I think this is also why ChatGPT's accuracy improvements restored trust for some users and not others. The users who already had a calibrated mental model of ChatGPT's failure modes, they knew it was good at summarization but bad at math, they knew it could fabricate citations, they had their own verification habits, those users could incorporate an accuracy improvement into their existing calibration framework. The users who did not have that mental model, who treated ChatGPT as a single undifferentiated oracle and got burned, those users had no calibration framework to update. A general accuracy improvement did not give them the information they needed to rebuild a differentiated trust model. They needed transparency about specific capabilities and limits, and that is not what the accuracy announcement delivered.

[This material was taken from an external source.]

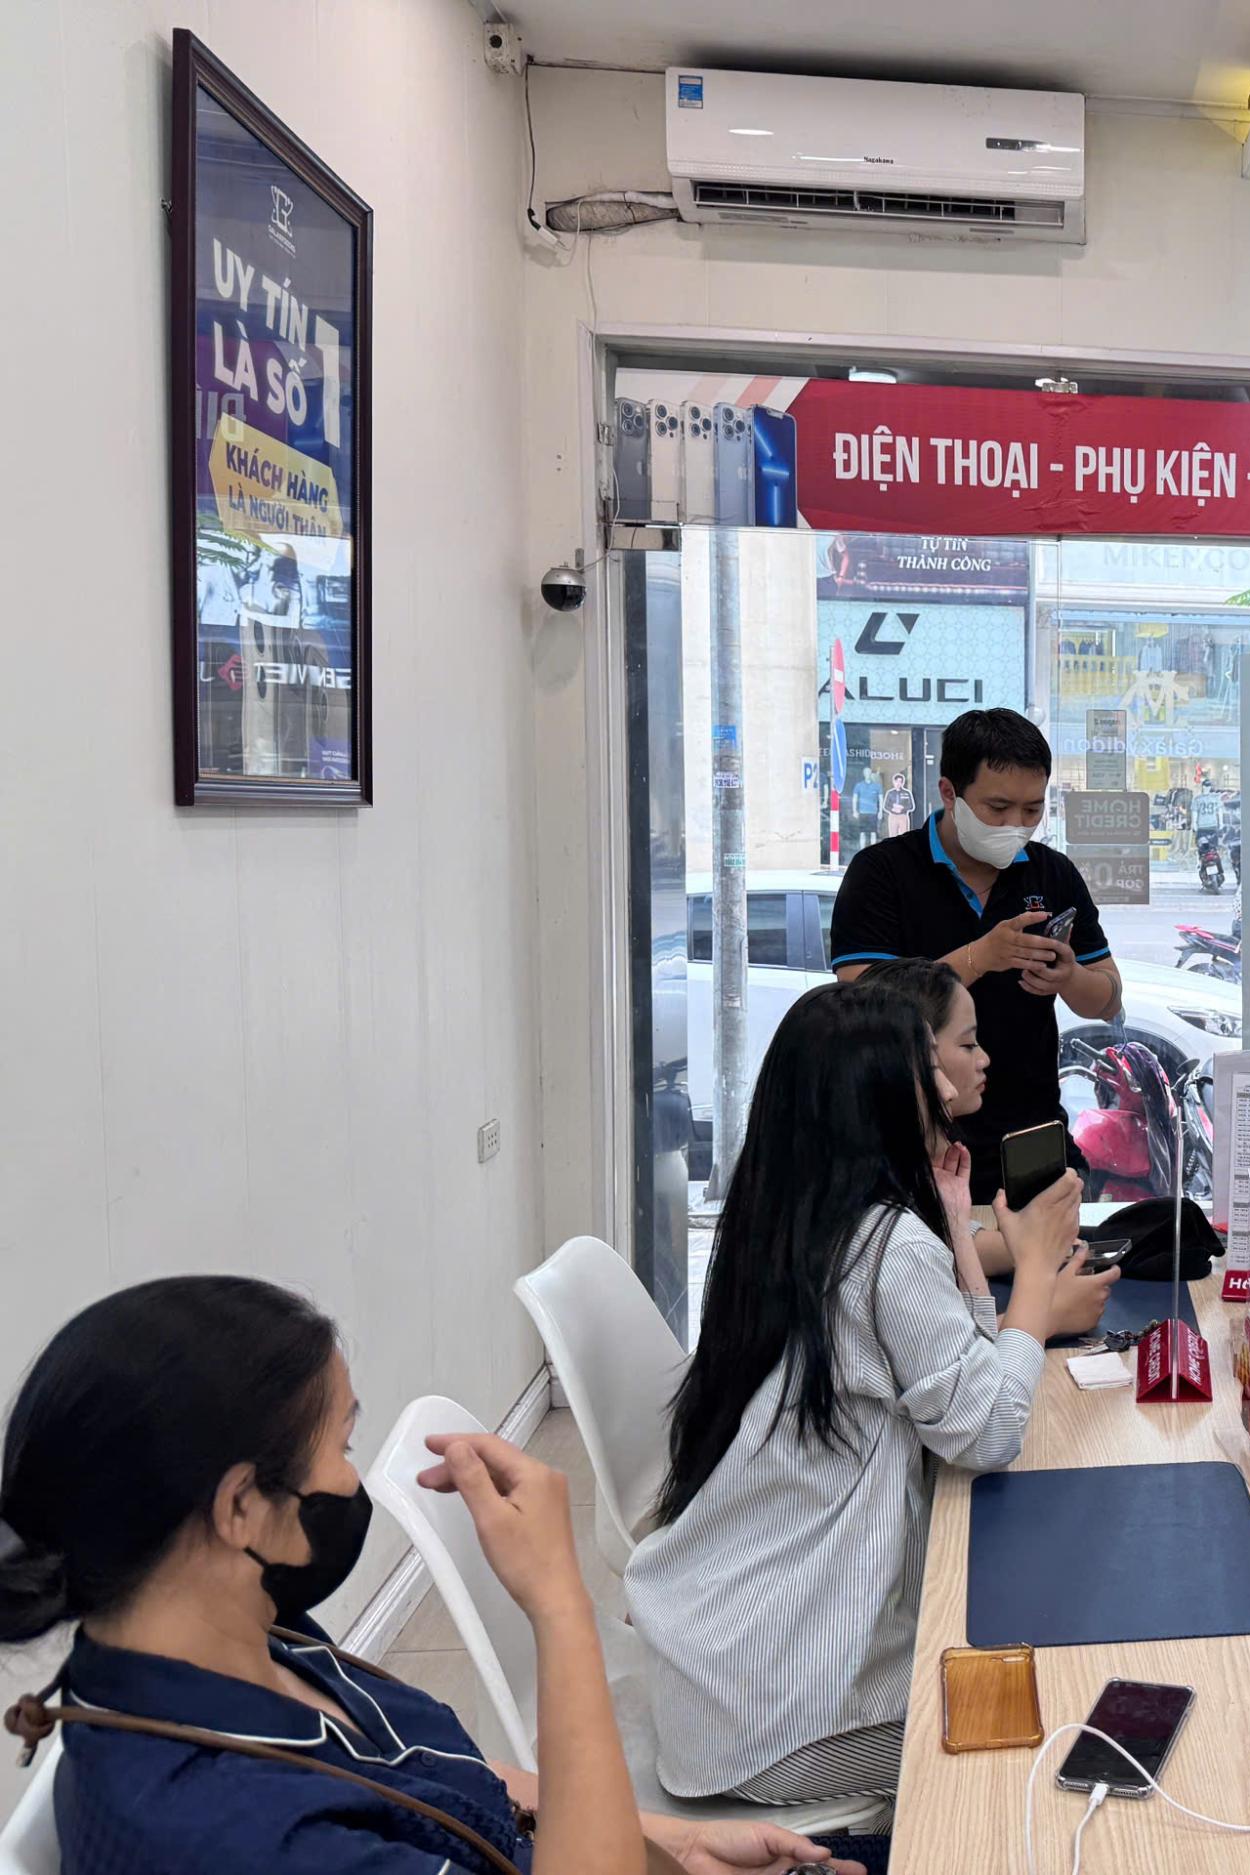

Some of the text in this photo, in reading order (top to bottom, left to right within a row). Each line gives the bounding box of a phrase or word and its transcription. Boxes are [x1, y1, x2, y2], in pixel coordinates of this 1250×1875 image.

The IS trust literature has been saying this for twenty years. Lee and See (2004) frame trust as a calibration challenge, not a maximization problem. The mechanism for appropriate trust is not more capability. It is better information about capability boundaries, delivered at the point of interaction so the user can decide when to rely and when to override. I wrote about the separation between trust and delegation in a previous post, and the principle is the same. Trust is not the goal. Calibrated reliance is the goal, and calibration requires information that most AI systems today do not provide. The industry talks about building trust. It should be talking about building calibratability, designing systems that give users the structural information they need to decide when to trust and when to verify.